*** Opening Given information ***
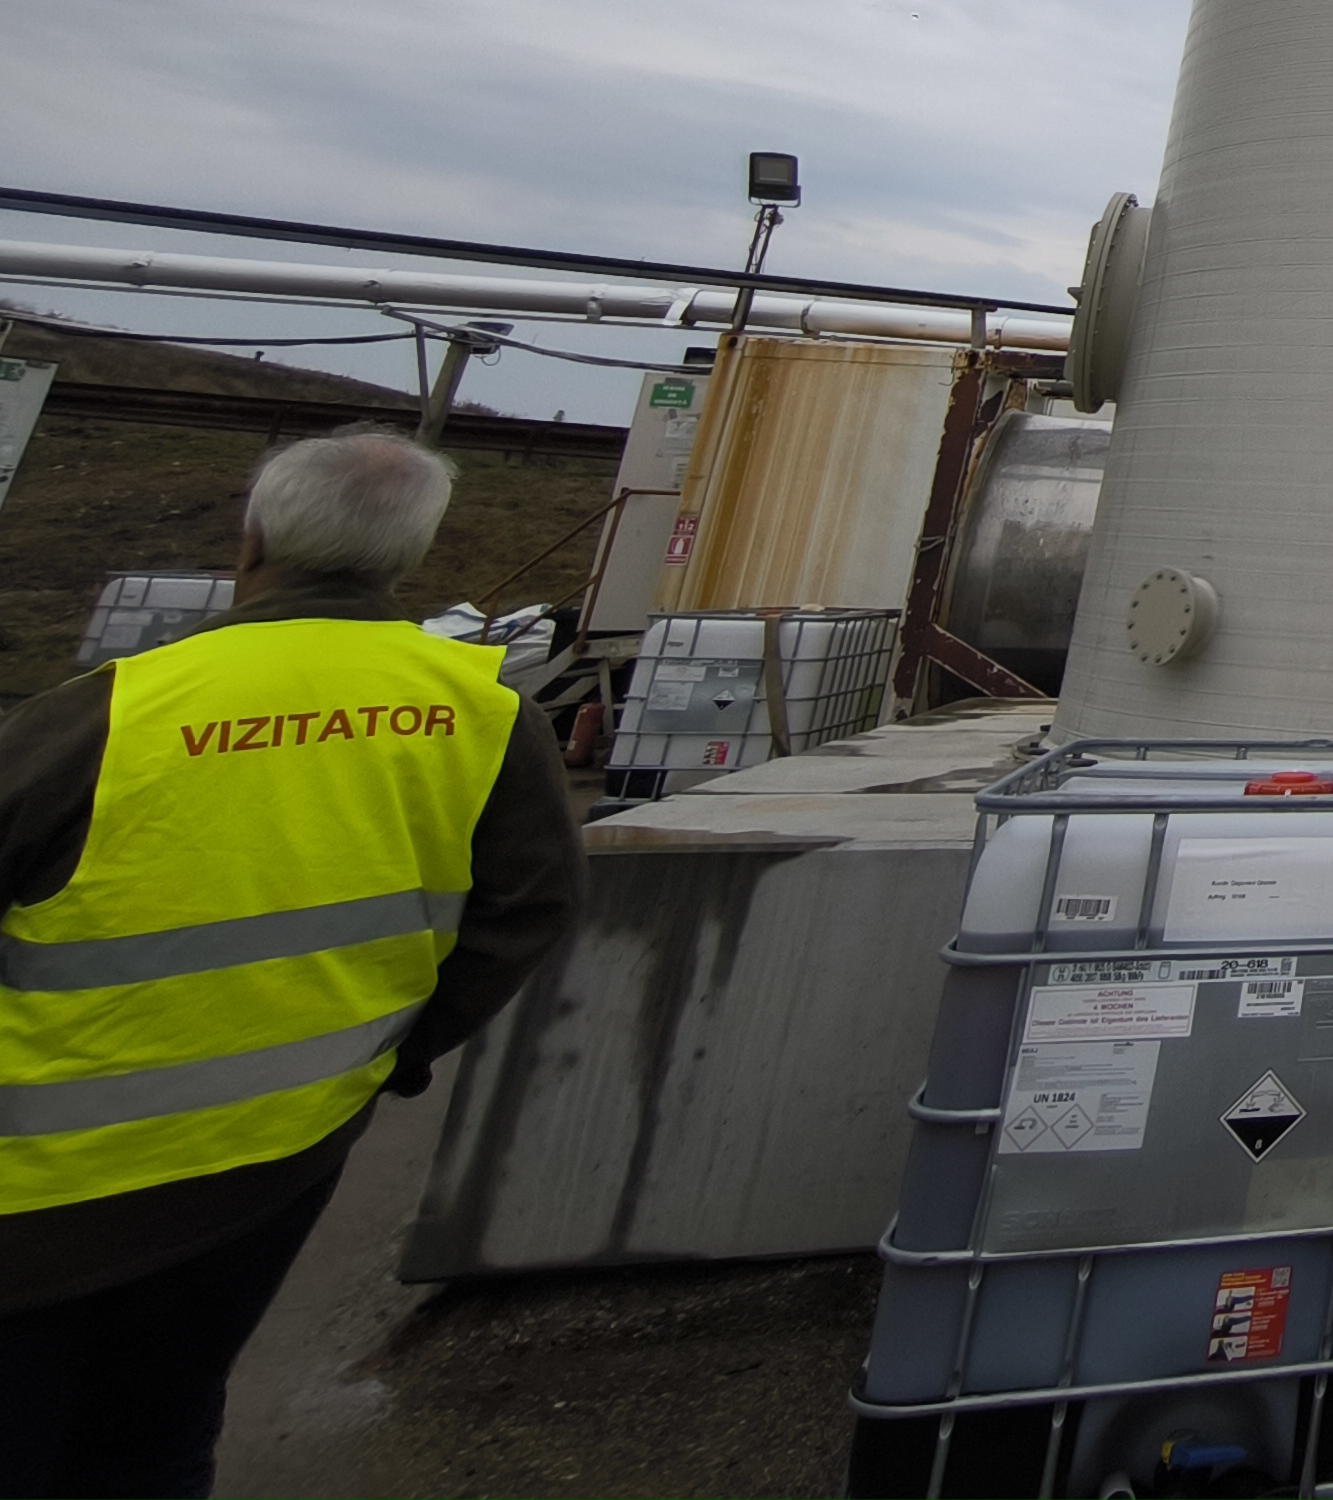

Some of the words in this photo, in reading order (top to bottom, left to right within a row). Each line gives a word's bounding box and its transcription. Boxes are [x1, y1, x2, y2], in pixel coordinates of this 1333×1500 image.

[180, 705, 456, 757] VIZITATOR
[1097, 989, 1133, 997] ACHTUNG
[1033, 1093, 1049, 1103] UN
[1052, 1092, 1076, 1102] 1824
[1255, 1139, 1263, 1149] 8
*** Closing Given information ***
— What is needed —
Copy all the material above exactly, but skip each image.

— Exercise result —
Some of the words in this photo, in reading order (top to bottom, left to right within a row). Each line gives a word's bounding box and its transcription. Boxes are [x1, y1, x2, y2], in pixel coordinates of this 1333×1500 image.

[180, 705, 456, 757] VIZITATOR
[1097, 989, 1133, 997] ACHTUNG
[1033, 1093, 1049, 1103] UN
[1052, 1092, 1076, 1102] 1824
[1255, 1139, 1263, 1149] 8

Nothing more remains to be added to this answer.